Gödel Prize Winners Don’t Cosplay

Tim Roughgarden, a top-notch computer scientist (co-winner of a Gödel Prize), is teaching a class on blockchains. He’s only just begun to put up material but I liked this bit of “hype” from Lecture One.

It’s worth recognizing that we’re currently in a particular moment in time, witnessing a new area of computer science blossom before our eyes in real time. It draws on well-established parts of computer science (e.g., cryptography and distributed systems) and other fields (e.g., game theory and finance), but is developing into a fundamental and interdisciplinary area of science and engineering its own right. Future generations of computer scientists will be jealous of your opportunity to get in on the ground floor of this new area–analogous to getting into the Internet and the Web in the early 1990s. I cannot overstate the opportunities available to someone who masters the material covered in this course–current demand is much, much bigger than supply.

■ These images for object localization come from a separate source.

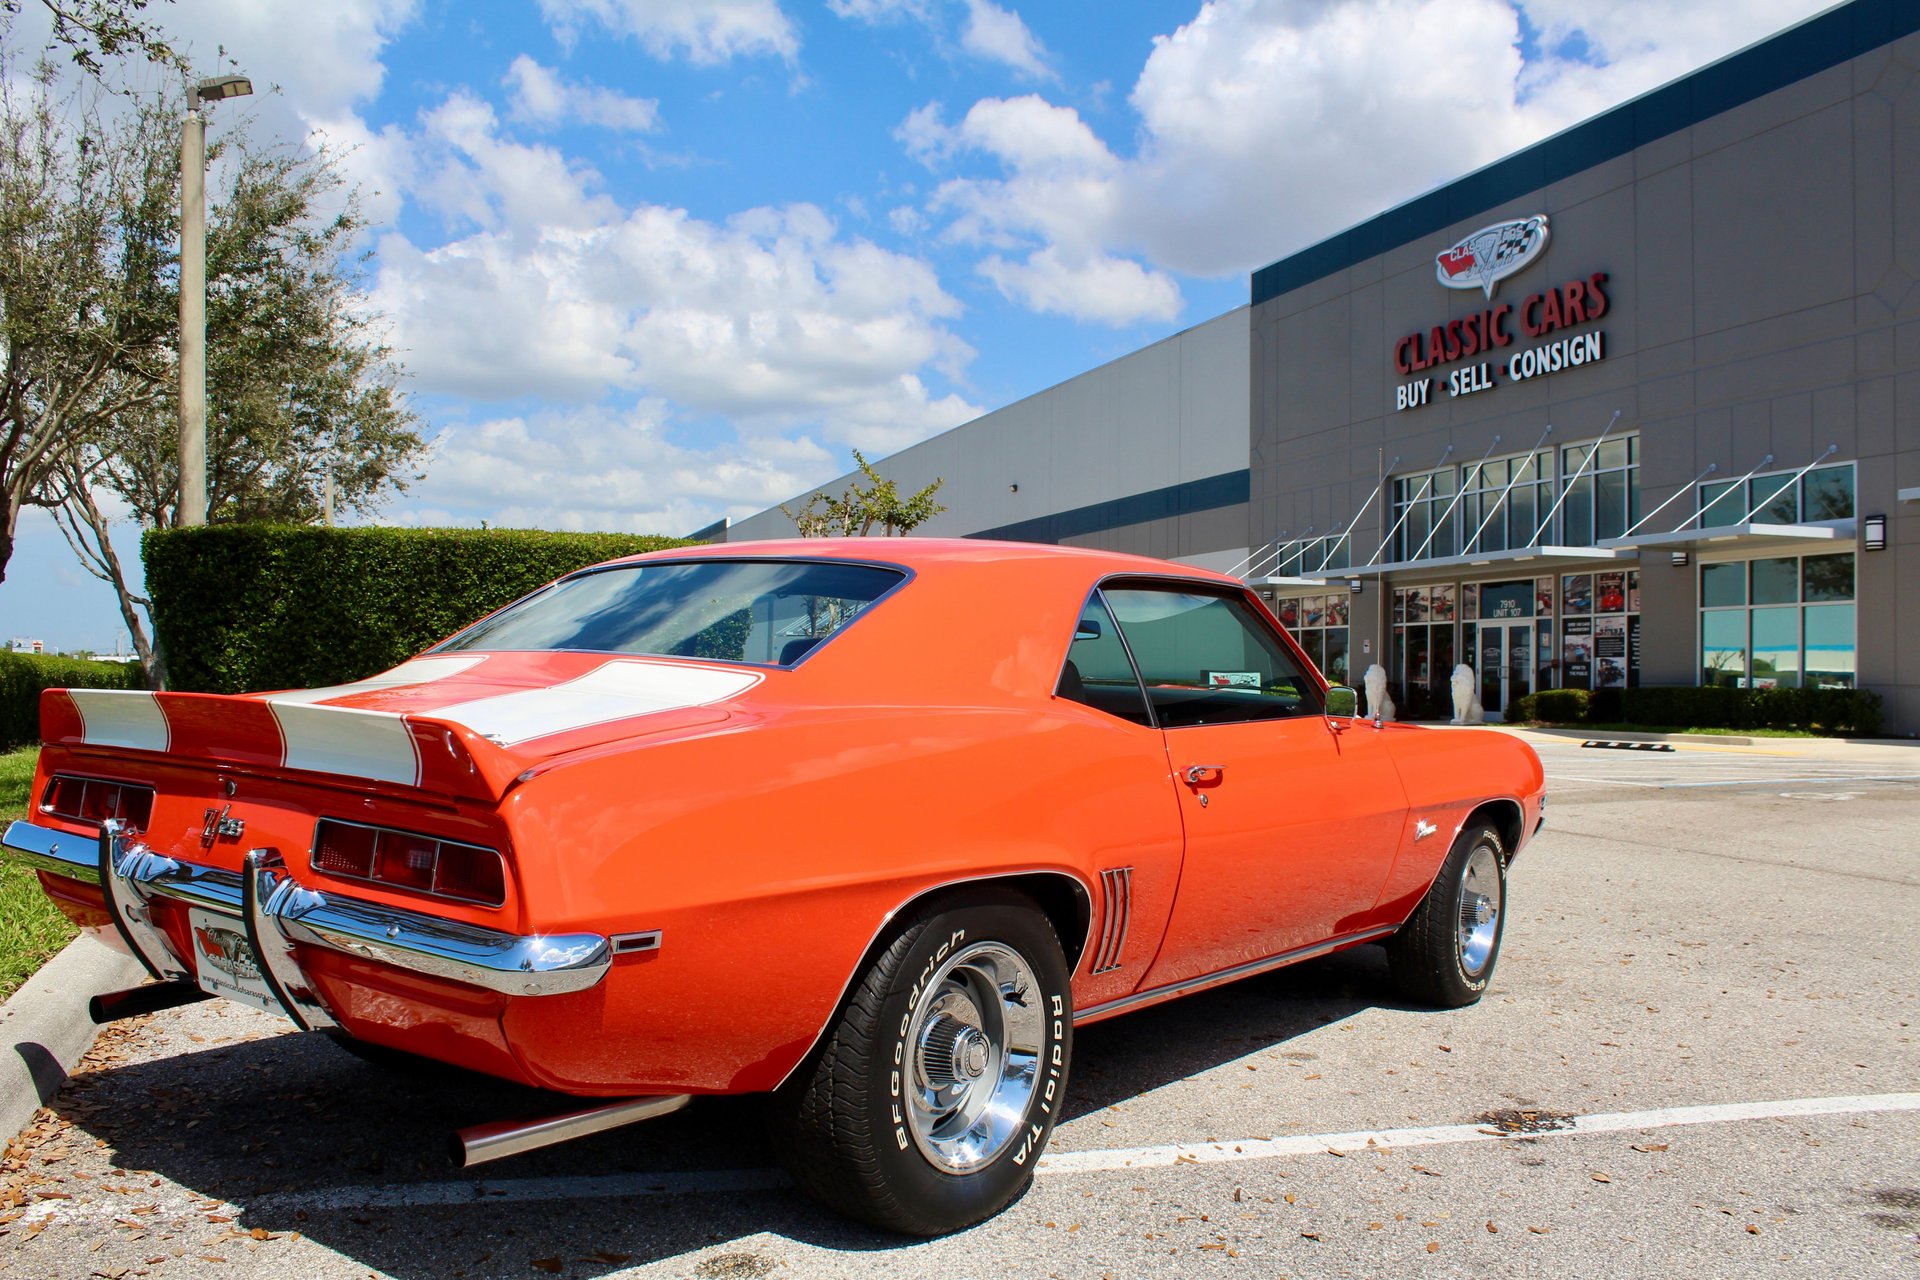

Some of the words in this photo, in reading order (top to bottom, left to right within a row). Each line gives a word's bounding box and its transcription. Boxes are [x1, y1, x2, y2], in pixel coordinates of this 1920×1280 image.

[1450, 239, 1493, 261] CLASSIC
[1394, 304, 1511, 375] CLASSIC
[1520, 273, 1608, 338] CARS
[1397, 378, 1430, 411] BUY
[1450, 363, 1493, 397] SELL
[1509, 331, 1601, 381] CONSIGN
[1493, 609, 1508, 618] UNIT
[1510, 608, 1522, 617] 107
[1500, 599, 1516, 608] 7910
[891, 928, 966, 1151] BFGoodrich
[1041, 995, 1064, 1114] Radial
[1012, 1124, 1044, 1167] T/A
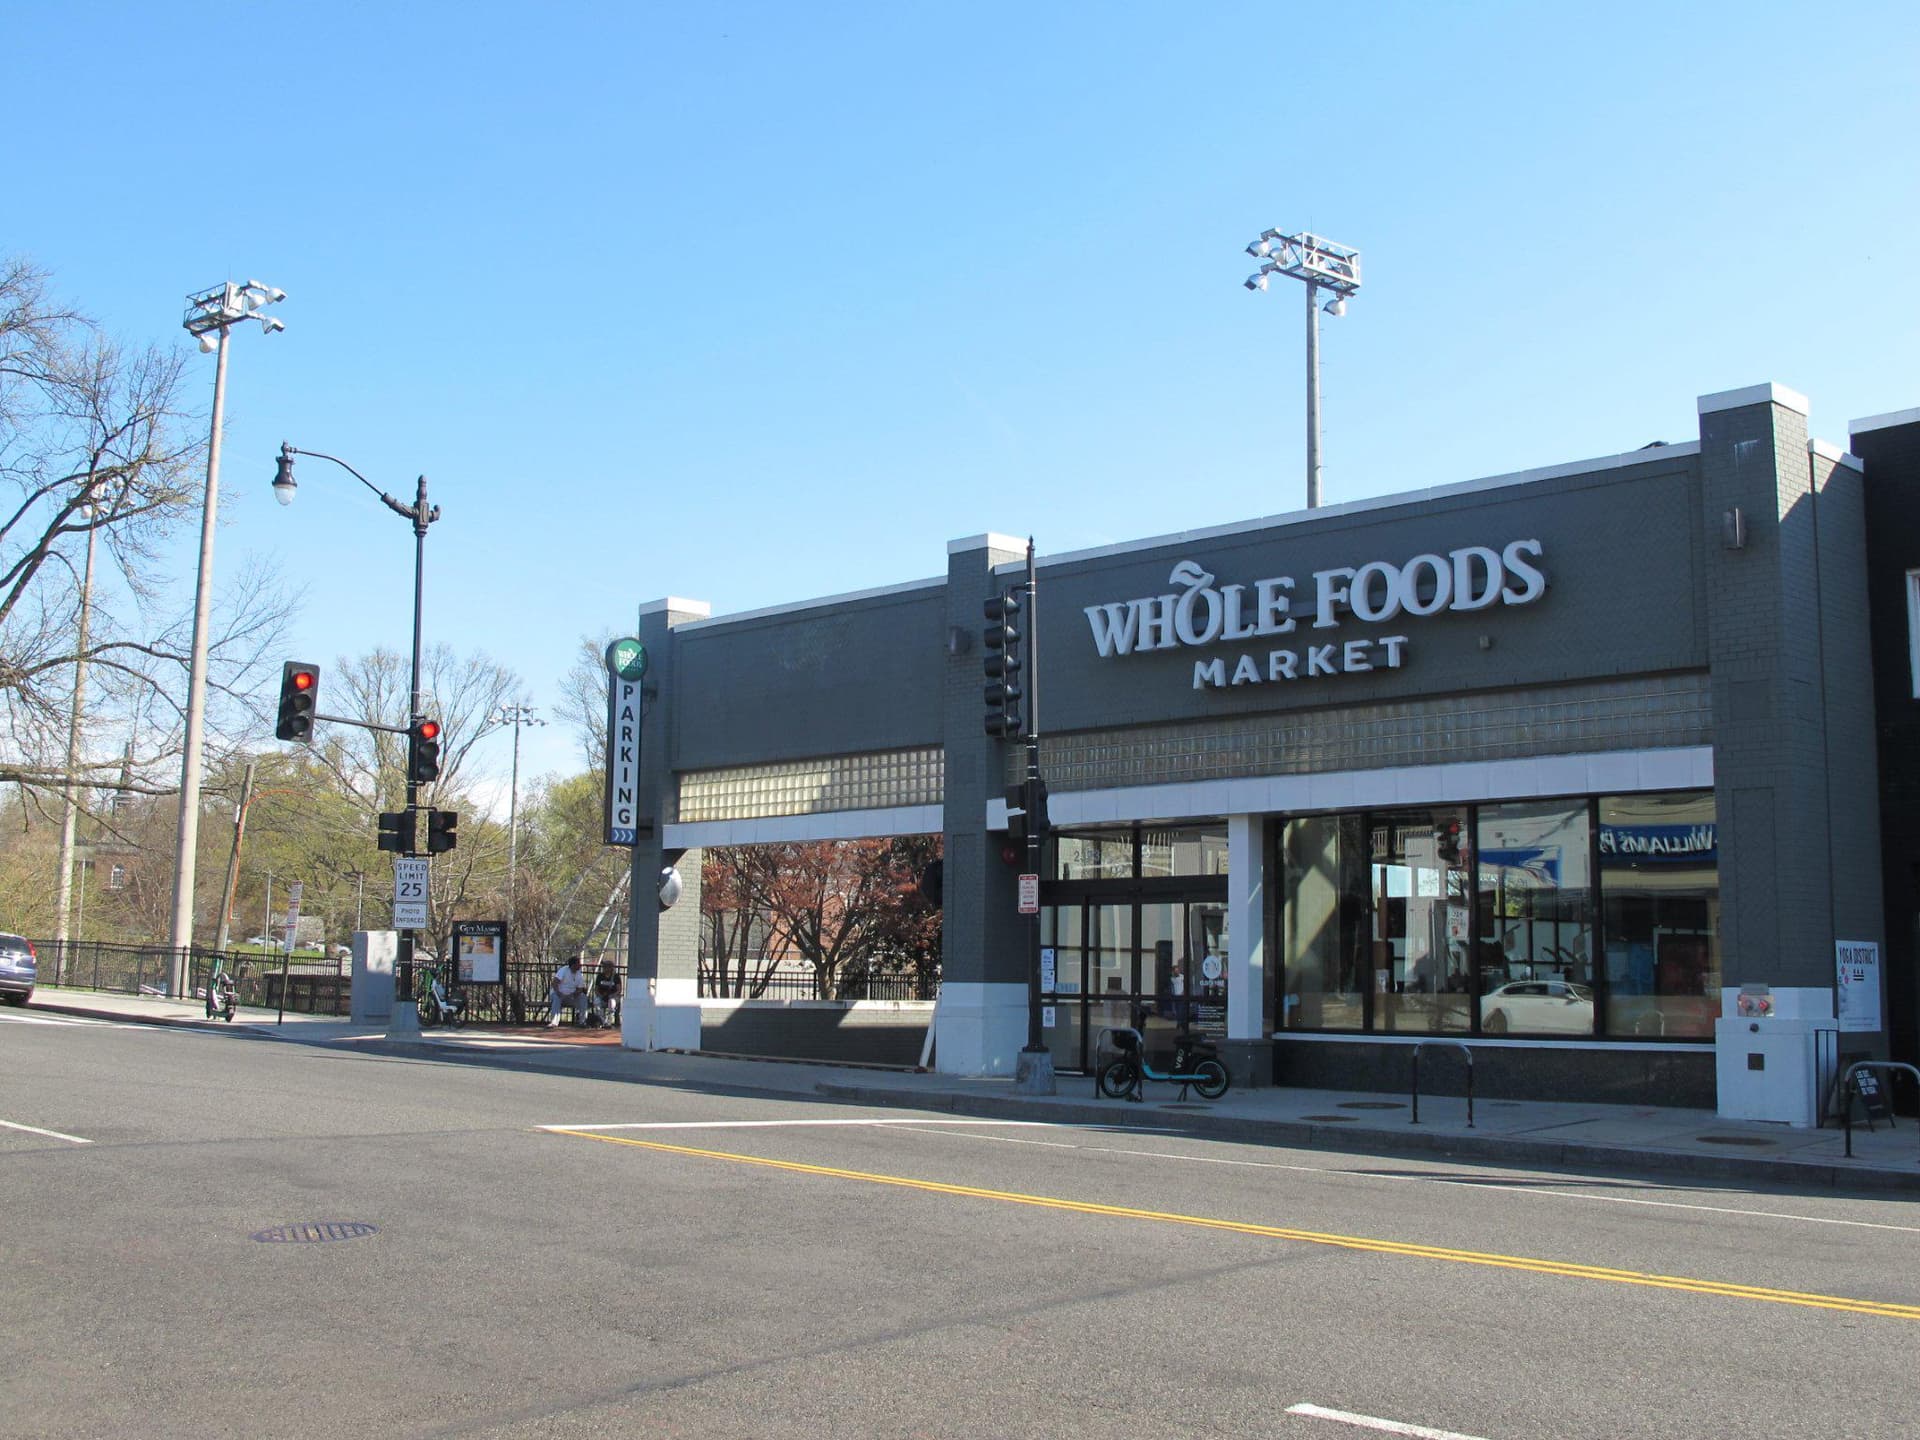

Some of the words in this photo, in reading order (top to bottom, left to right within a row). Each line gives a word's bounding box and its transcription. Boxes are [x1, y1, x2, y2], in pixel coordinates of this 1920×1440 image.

[1083, 561, 1296, 658] WHOLE
[1312, 538, 1547, 629] FOODS
[1193, 635, 1409, 690] MARKET
[618, 684, 634, 825] PARKING
[397, 863, 427, 871] SPEED
[399, 872, 424, 880] LIMIT
[400, 882, 422, 897] 25
[395, 916, 425, 924] ENFORCED
[1839, 947, 1853, 964] YOGA
[1853, 948, 1876, 965] DISTRICT

And perhaps this course will also serve as a partial corrective to the misguided coverage and discussion of blockchains in a typical mainstream media article or water cooler conversation, which seems bizarrely stuck in 2013 (focused almost entirely on Bitcoin, its environmental impact, the use case of payments, Silk Road, etc.). An enormous number of people, including a majority of computer science researchers and academics, have yet to grok the modern vision of blockchains: a new computing paradigm that will enable the next incarnation of the Internet and the Web, along with an entirely new generation of applications.

I share Tim’s excitement at the possibilities. Indeed, I had the pleasure of working with Tim advising a blockchain project (sadly killed by the SEC). By the way, Silvio Micali, another winner of the Godel prize, is a prime mover behind the Algorand blockchain.